What needs to be done ▸ Leaving out only the pictures, write out all the entries exactly.

Extracted records
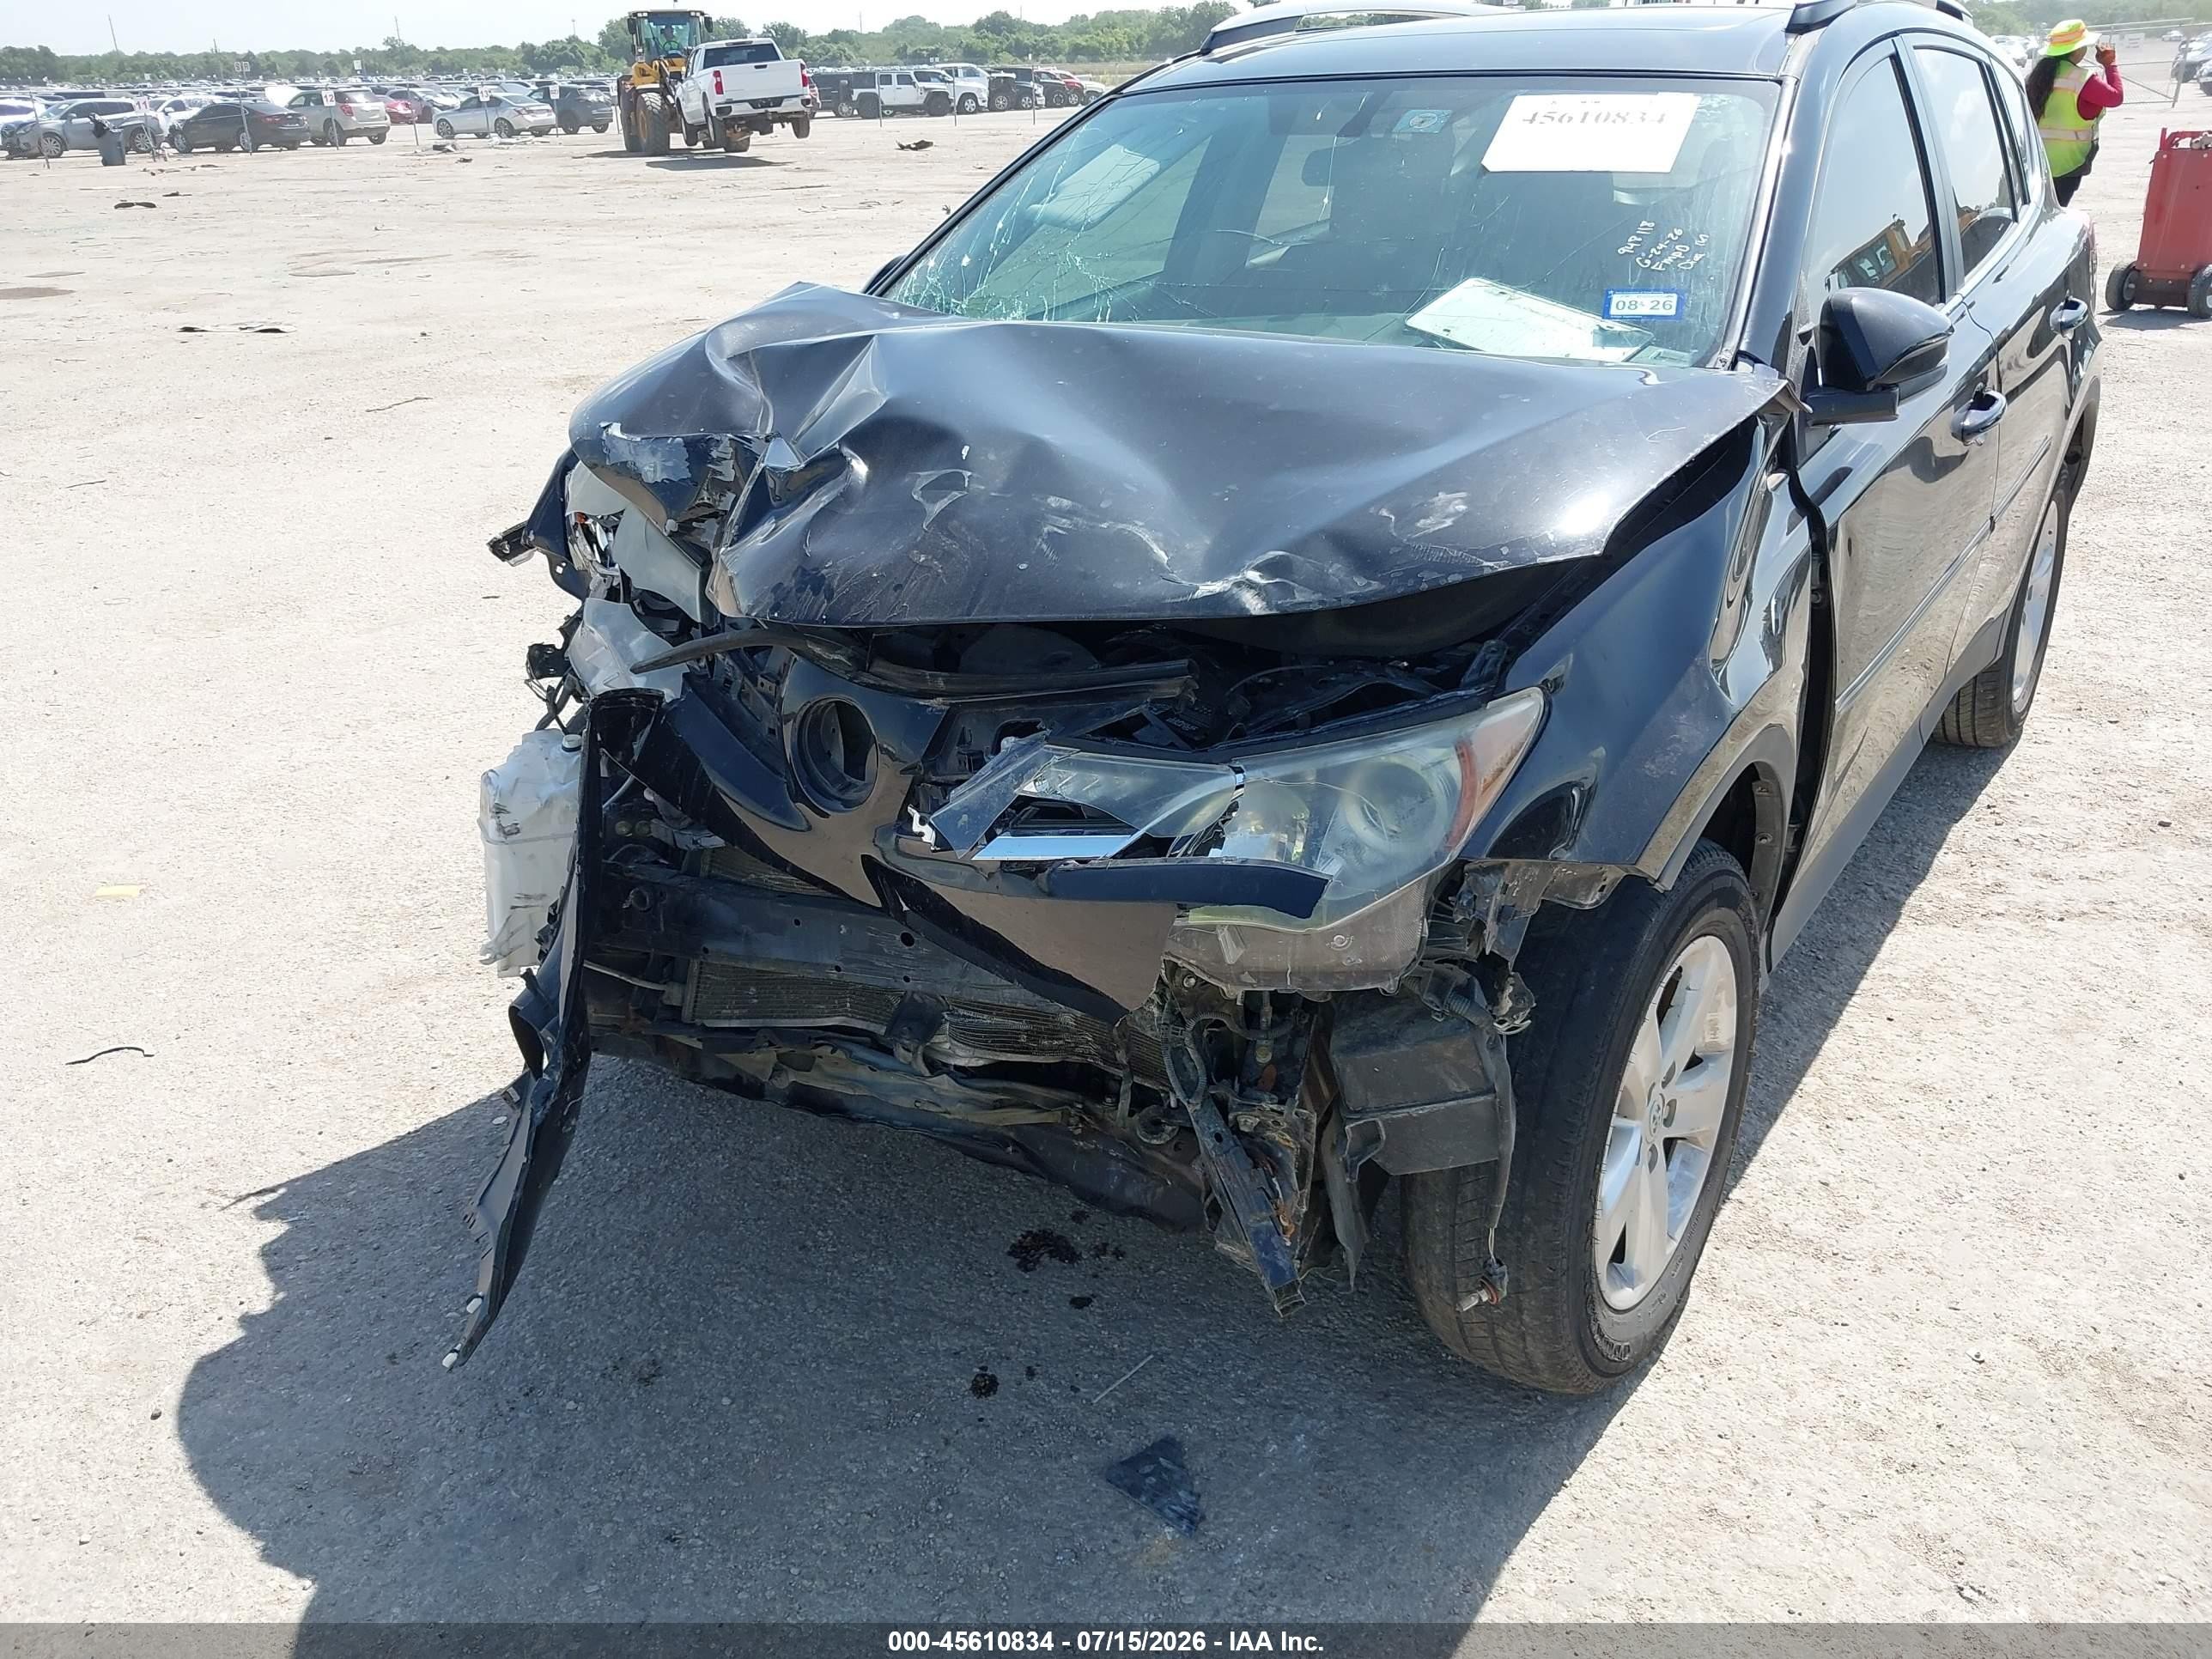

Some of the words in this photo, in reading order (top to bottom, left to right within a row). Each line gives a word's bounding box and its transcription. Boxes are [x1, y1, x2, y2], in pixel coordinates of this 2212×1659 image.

[324, 94, 334, 103] 12
[136, 100, 148, 110] 11
[1615, 300, 1638, 311] 08
[1649, 300, 1673, 311] 26
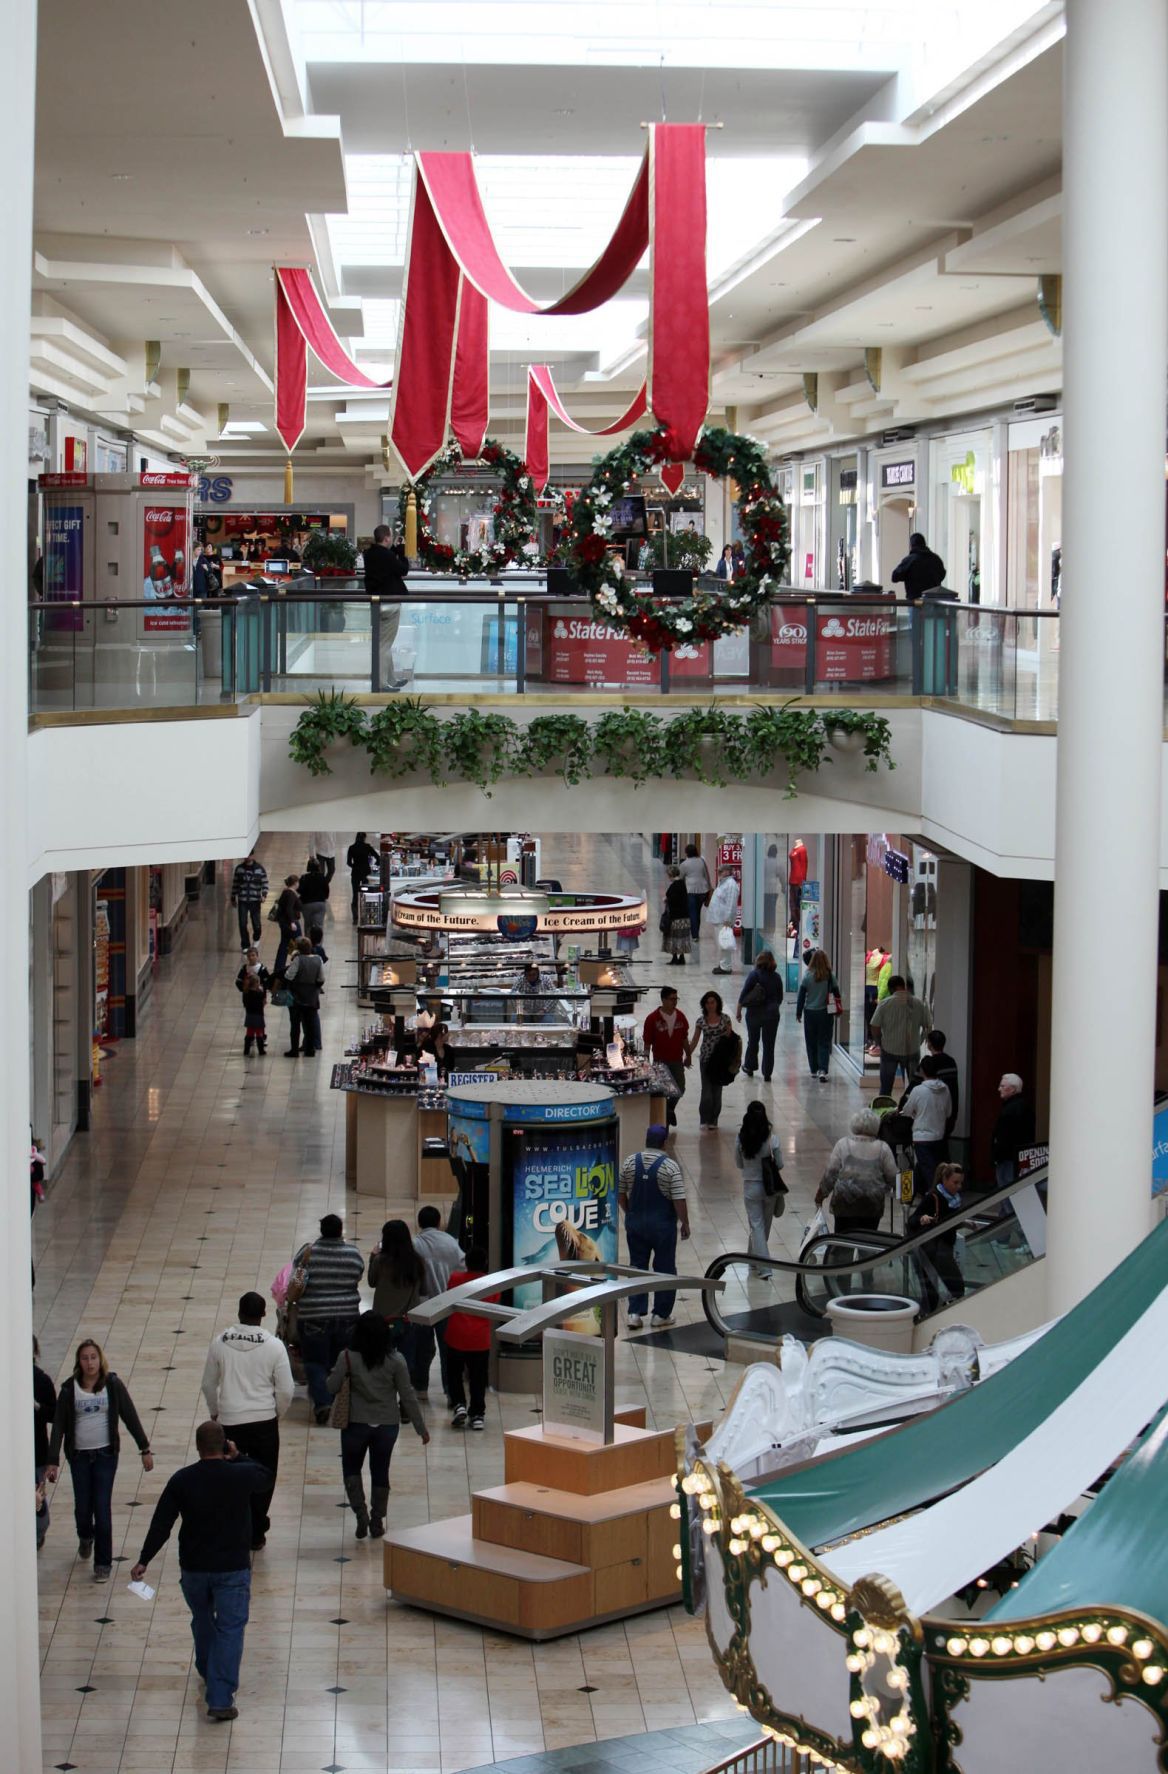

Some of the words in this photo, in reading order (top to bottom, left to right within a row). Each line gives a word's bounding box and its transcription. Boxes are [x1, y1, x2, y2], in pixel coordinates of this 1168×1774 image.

[63, 519, 81, 530] GIFT
[783, 627, 803, 638] 90
[723, 851, 729, 860] 3
[732, 851, 743, 860] FR
[416, 914, 424, 922] of
[427, 913, 440, 923] the
[444, 915, 480, 925] Future.
[544, 917, 559, 926] Ice
[563, 916, 595, 926] Cream
[597, 915, 607, 924] of
[609, 913, 622, 923] the
[545, 1105, 601, 1119] DIRECTORY
[525, 1164, 572, 1173] HELMERICH
[553, 1356, 597, 1384] GREAT
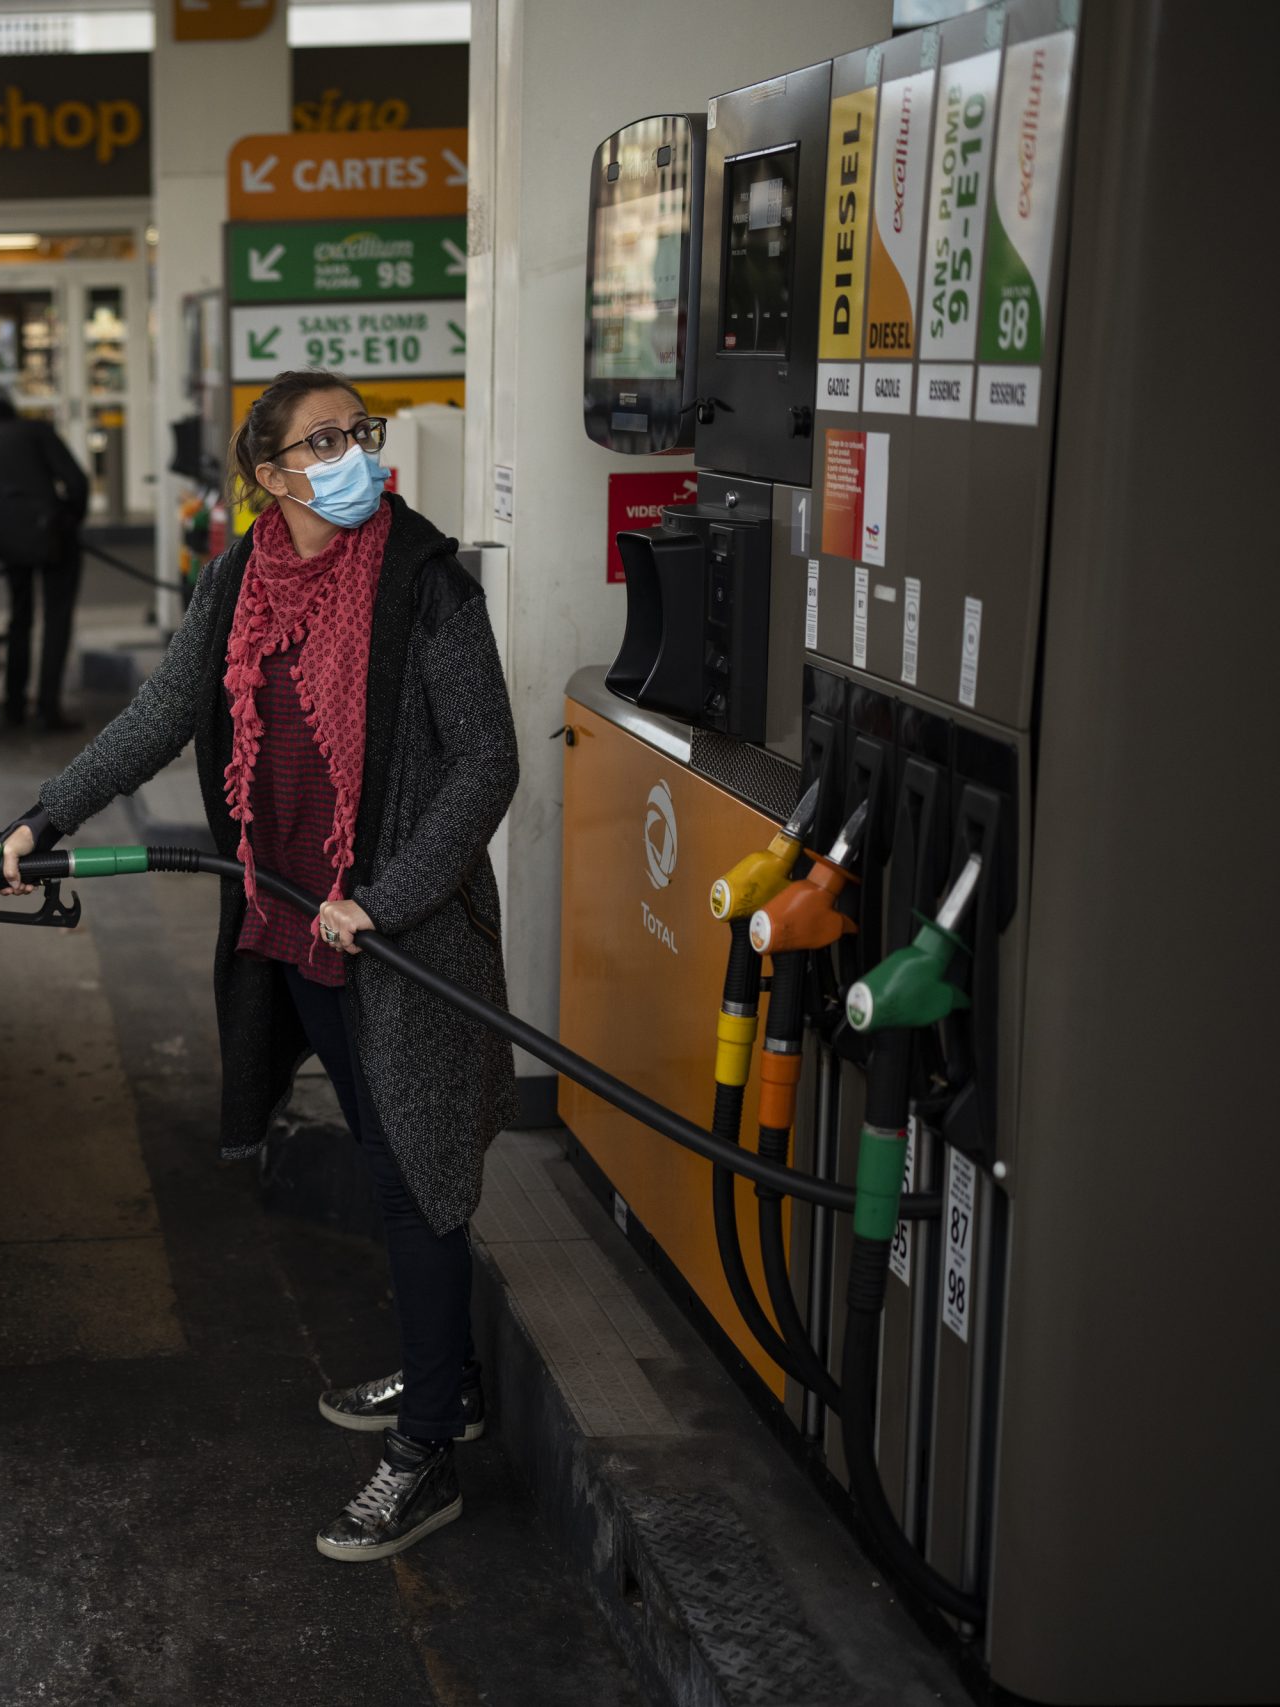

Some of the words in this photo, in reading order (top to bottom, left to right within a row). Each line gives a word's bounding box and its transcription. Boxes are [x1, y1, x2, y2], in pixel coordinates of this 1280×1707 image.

[938, 84, 962, 222] PLOMB
[1018, 48, 1047, 219] excellium
[292, 156, 428, 192] CARTES
[893, 85, 912, 234] excellium
[833, 111, 862, 336] DIESEL
[948, 92, 987, 325] 95-E10
[377, 260, 415, 289] 98
[931, 236, 950, 340] SANS
[298, 316, 352, 335] SANS
[358, 312, 428, 333] PLOMB
[868, 320, 911, 350] DIESEL
[998, 299, 1031, 350] 98
[305, 334, 421, 366] 95-E10
[827, 377, 850, 397] GAZOLE
[875, 378, 901, 399] GAZOLE
[929, 379, 961, 401] ESSENCE
[990, 382, 1027, 407] ESSENCE
[797, 497, 807, 552] 1
[641, 901, 679, 954] TOTAL
[950, 1206, 969, 1249] 87
[947, 1269, 966, 1315] 98

Finished task ▸
Some of the words in this photo, in reading order (top to bottom, left to right within a row). Each line gives a word's bounding box and its transcription. Boxes are [x1, y1, x2, y2], in pixel coordinates of this 2212×1659 image.

[324, 94, 334, 103] 12
[136, 100, 148, 110] 11
[1615, 300, 1638, 311] 08
[1649, 300, 1673, 311] 26

Some of the words in this photo, in reading order (top to bottom, left to right within a row). Each line gives a word's bounding box and its transcription. Boxes are [x1, y1, x2, y2], in pixel coordinates of this 1168×1774 image.

[63, 519, 81, 530] GIFT
[783, 627, 803, 638] 90
[723, 851, 729, 860] 3
[732, 851, 743, 860] FR
[416, 914, 424, 922] of
[427, 913, 440, 923] the
[444, 915, 480, 925] Future.
[544, 917, 559, 926] Ice
[563, 916, 595, 926] Cream
[597, 915, 607, 924] of
[609, 913, 622, 923] the
[545, 1105, 601, 1119] DIRECTORY
[525, 1164, 572, 1173] HELMERICH
[553, 1356, 597, 1384] GREAT

Some of the words in this photo, in reading order (top to bottom, left to right within a row). Each line gives a word's bounding box and its transcription. Boxes are [x1, y1, x2, y2], in pixel coordinates of this 1280×1707 image.

[938, 84, 962, 222] PLOMB
[1018, 48, 1047, 219] excellium
[292, 156, 428, 192] CARTES
[893, 85, 912, 234] excellium
[833, 111, 862, 336] DIESEL
[948, 92, 987, 325] 95-E10
[377, 260, 415, 289] 98
[931, 236, 950, 340] SANS
[298, 316, 352, 335] SANS
[358, 312, 428, 333] PLOMB
[868, 320, 911, 350] DIESEL
[998, 299, 1031, 350] 98
[305, 334, 421, 366] 95-E10
[827, 377, 850, 397] GAZOLE
[875, 378, 901, 399] GAZOLE
[929, 379, 961, 401] ESSENCE
[990, 382, 1027, 407] ESSENCE
[797, 497, 807, 552] 1
[641, 901, 679, 954] TOTAL
[950, 1206, 969, 1249] 87
[947, 1269, 966, 1315] 98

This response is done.